Franklin is a town in Sauk County, Wisconsin, United States. The population was 668 at the 2020 census.

The town of Franklin was established in November 1854 from part of the town of Honey Creek. In September 1858, the town of Bear Creek was formed from the western part of the town of Franklin. Towns to the north are Westfield and Washington, on the south is Spring Green, on the east are Honey Creek and Troy, and on the west is Bear Creek. In 1899, a town hall building was built by Rob and Albert Nachreiner and was located at 915 Wachter Avenue in Plain, Wisconsin. The building replaced a wagon maker shop owned by Moses Tunstall. The upper floor of the new town hall building was used for town activities while the basement housed a small jail room and fire station for the Village of Plain use. On the top of the town hall was an alarm bell which was later moved to the front of the new fire station about 1980. After the original town hall building was no longer being used, the Old Franklin Township Historical Society (OFTHS) was organized in 2004, and shortly thereafter, used the building to store Plain and Franklin area memorabilia, genealogy, and artifacts in their museum.

The town of Franklin may have been named by early settlers named Cramer who lived previously in Franklin County, Pennsylvania. One source suggested it was named after Benjamin Franklin.

==Geography==
According to the United States Census Bureau, the town has a total area of 49.3 square miles (127.8 km^{2}), of which 49.2 square miles (127.3 km^{2}) is land and 0.2 square mile (0.4 km^{2}) (0.34%) is water.

==Demographics==
As of the census of 2000, there were 696 people, 250 households, and 198 families residing in the town of Franklin.

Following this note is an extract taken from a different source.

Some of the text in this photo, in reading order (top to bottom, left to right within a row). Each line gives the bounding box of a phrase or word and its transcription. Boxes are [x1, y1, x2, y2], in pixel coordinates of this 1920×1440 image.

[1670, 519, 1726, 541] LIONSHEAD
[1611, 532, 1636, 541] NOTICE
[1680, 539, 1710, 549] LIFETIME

The population density was 14.2 people per square mile (5.5/km^{2}). There were 267 housing units at an average density of 5.4 per square mile (2.1/km^{2}). The racial makeup of the town was 98.71% White, 1.01% Native American, and 0.29% from two or more races. Hispanic or Latino of any race were 0.72% of the population.

There were 250 households, out of which 38.4% had children under the age of 18 living with them, 71.6% were married couples living together, 2.8% had a female householder with no husband present, and 20.4% were non-families. 17.2% of all households were made up of individuals, and 7.2% had someone living alone who was 65 years of age or older. The average household size was 2.78 and the average family size was 3.18.

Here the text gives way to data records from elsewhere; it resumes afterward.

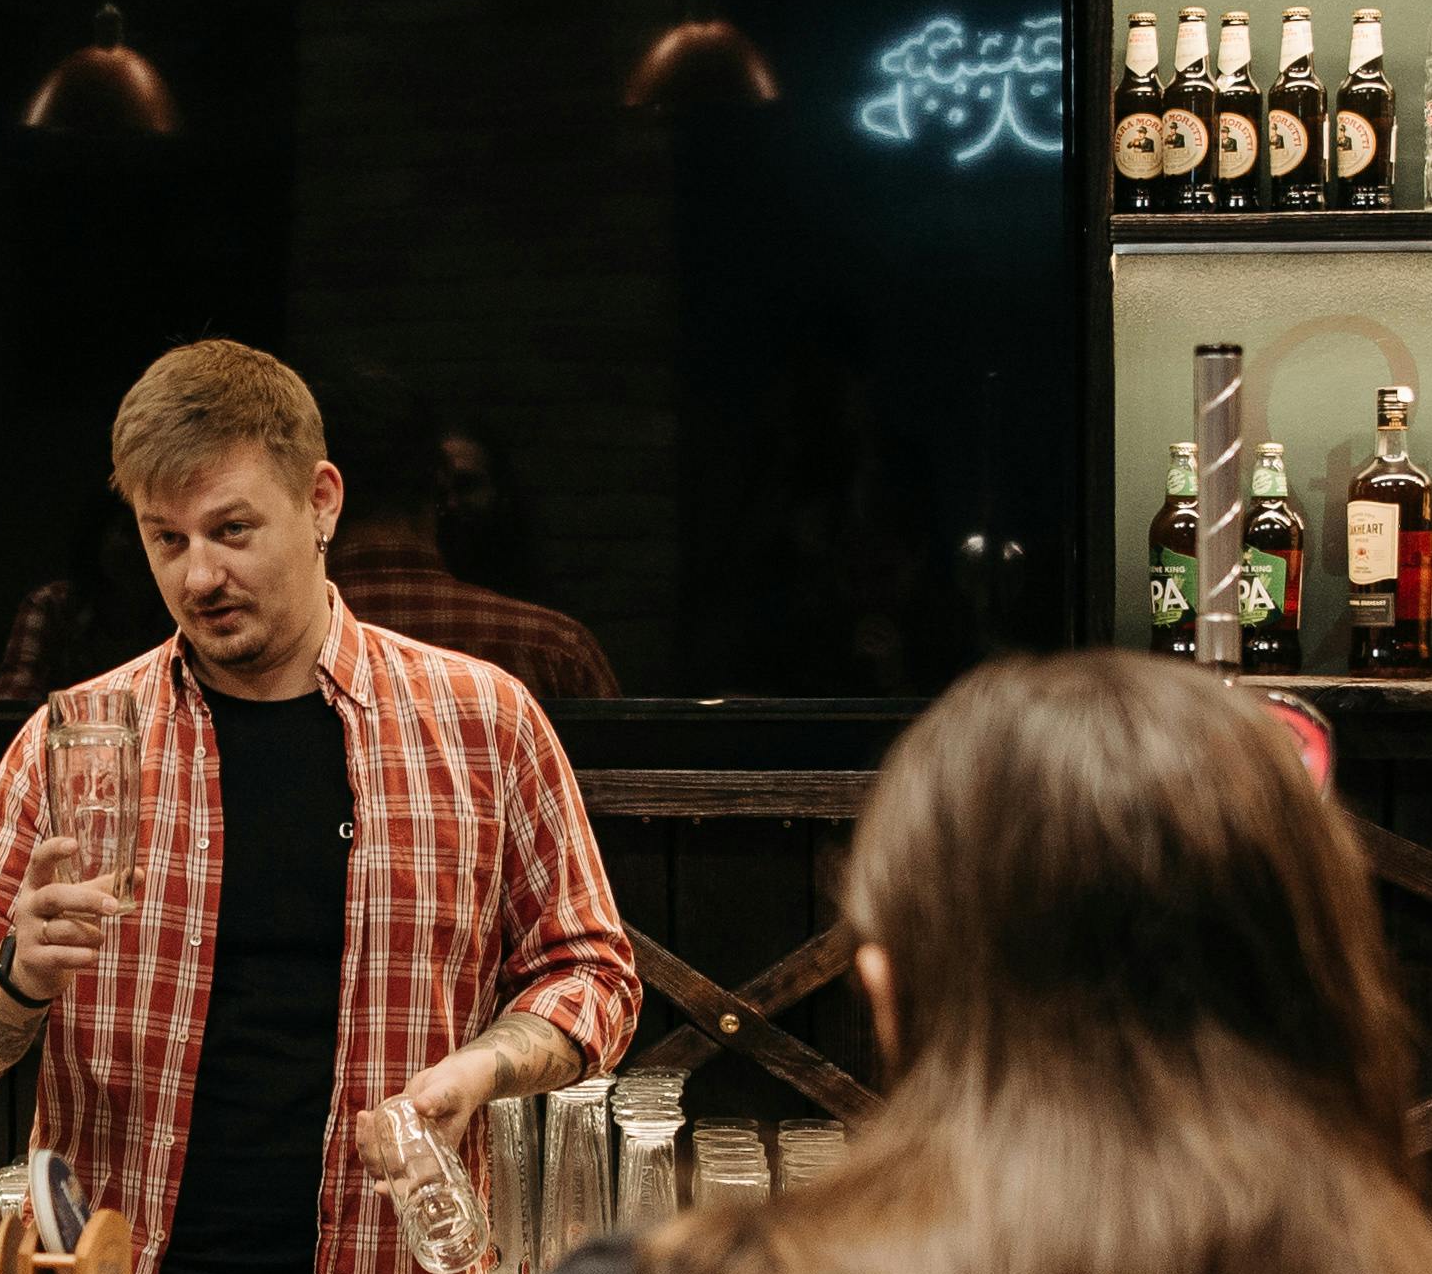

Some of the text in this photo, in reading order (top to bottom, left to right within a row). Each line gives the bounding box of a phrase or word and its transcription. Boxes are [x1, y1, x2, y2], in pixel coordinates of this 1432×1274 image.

[1168, 114, 1203, 148] MORETTI
[1220, 117, 1253, 152] MORETTI
[1270, 114, 1302, 148] MORETTI
[1338, 115, 1370, 151] MORETTI
[1349, 522, 1384, 536] AKHEART
[1164, 565, 1186, 573] KING
[1251, 564, 1273, 573] KING
[1150, 577, 1190, 614] PA
[1238, 576, 1276, 613] PA

In the town, the population was spread out, with 29.2% under the age of 18, 5.0% from 18 to 24, 31.0% from 25 to 44, 23.6% from 45 to 64, and 11.2% who were 65 years of age or older. The median age was 37 years. For every 100 females, there were 109.0 males. For every 100 females age 18 and over, there were 110.7 males.

The median income for a household in the town was $45,982, and the median income for a family was $49,250. Males had a median income of $30,917 versus $22,500 for females. The per capita income for the town was $18,494. About 4.0% of families and 4.3% of the population were below the poverty line, including 5.6% of those under age 18 and 9.8% of those age 65 or over.